Hancock County Jail sees less contraband with body scanner

The Hancock County Jail staff said their new body scanner is stopping dozens of inmates from smuggling items into the jail. (WISH Photo)

GREENFIELD, Ind. (WISH) — The Hancock County Jail staff said their new body scanner is stopping dozens of inmates from smuggling items into the jail.

The county started scanning inmates in January.

Jail Commander Andy Craig said the scanner has detected about 60 items so far this year including drugs, a cellphone, tobacco and lighters.

“When I see that, I’m glad we got the machine. It prevents it from going into the block and having overdoses or people dying in the block from overdoses,” Craig said.

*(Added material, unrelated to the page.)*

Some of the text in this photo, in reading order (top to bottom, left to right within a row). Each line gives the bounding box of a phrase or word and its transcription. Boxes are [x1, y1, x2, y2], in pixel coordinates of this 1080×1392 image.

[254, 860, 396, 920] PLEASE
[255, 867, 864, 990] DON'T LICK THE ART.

Hancock County and the jail paid a total of $120,000 for their scanner, and Craig said it is worth every penny.

Craig said, in 2015, 17 people made it through book-in with drugs later found in the jail.

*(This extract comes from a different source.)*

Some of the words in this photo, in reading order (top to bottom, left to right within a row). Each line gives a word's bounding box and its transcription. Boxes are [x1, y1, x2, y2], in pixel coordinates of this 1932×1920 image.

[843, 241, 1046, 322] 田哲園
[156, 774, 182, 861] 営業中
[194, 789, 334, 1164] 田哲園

So far this year — the first year with the scanner — fewer than six people snuck in any contraband.

The Marion County sheriff recently said his team is considering buying a body scanner after a string of suspected inmate overdoses. He said inmates are smuggling drugs into the jail by swallowing the bags, and medics rushed multiple inmates to the hospital throughout August after suspected overdoses. The staff is urging state leaders to provide more funding.

“We’re dedicating a lot of resources, a lot of manpower, a lot of extra terrain,” Marion County Sheriff’s Department Lt. Col. James Martin said. “We’re going through more doses of Narcan to try to deal with this.”

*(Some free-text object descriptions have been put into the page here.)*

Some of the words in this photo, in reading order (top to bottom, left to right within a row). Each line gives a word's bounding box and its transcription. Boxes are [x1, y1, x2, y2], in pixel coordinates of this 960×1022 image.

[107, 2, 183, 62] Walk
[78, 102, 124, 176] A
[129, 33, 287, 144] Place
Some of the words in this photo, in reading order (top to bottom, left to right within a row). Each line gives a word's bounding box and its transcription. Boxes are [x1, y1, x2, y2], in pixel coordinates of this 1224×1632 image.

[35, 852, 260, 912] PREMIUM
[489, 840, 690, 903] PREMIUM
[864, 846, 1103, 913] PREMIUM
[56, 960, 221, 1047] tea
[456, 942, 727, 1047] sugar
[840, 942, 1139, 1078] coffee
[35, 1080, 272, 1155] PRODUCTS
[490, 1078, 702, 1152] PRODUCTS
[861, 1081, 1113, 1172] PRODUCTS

Narcan is a device that delivers an opioid-overdose antidote called naloxone.

The Hancock County machine is precise enough to detect the bullet shrapnel in a shooting victim’s leg. But Craig said not even the scanner will stop inmates from trying.

“It’s more surprising that, when these things have been where they’re at, they’re putting it in their mouth,” Craig said. “That’s how bad they want the drugs. It doesn’t matter.”

But, like most technology, the scanners aren’t perfect.

Craig said there is room for error. Some items aren’t clearly visible on the scanner and, on a busy day, the staff can miss something.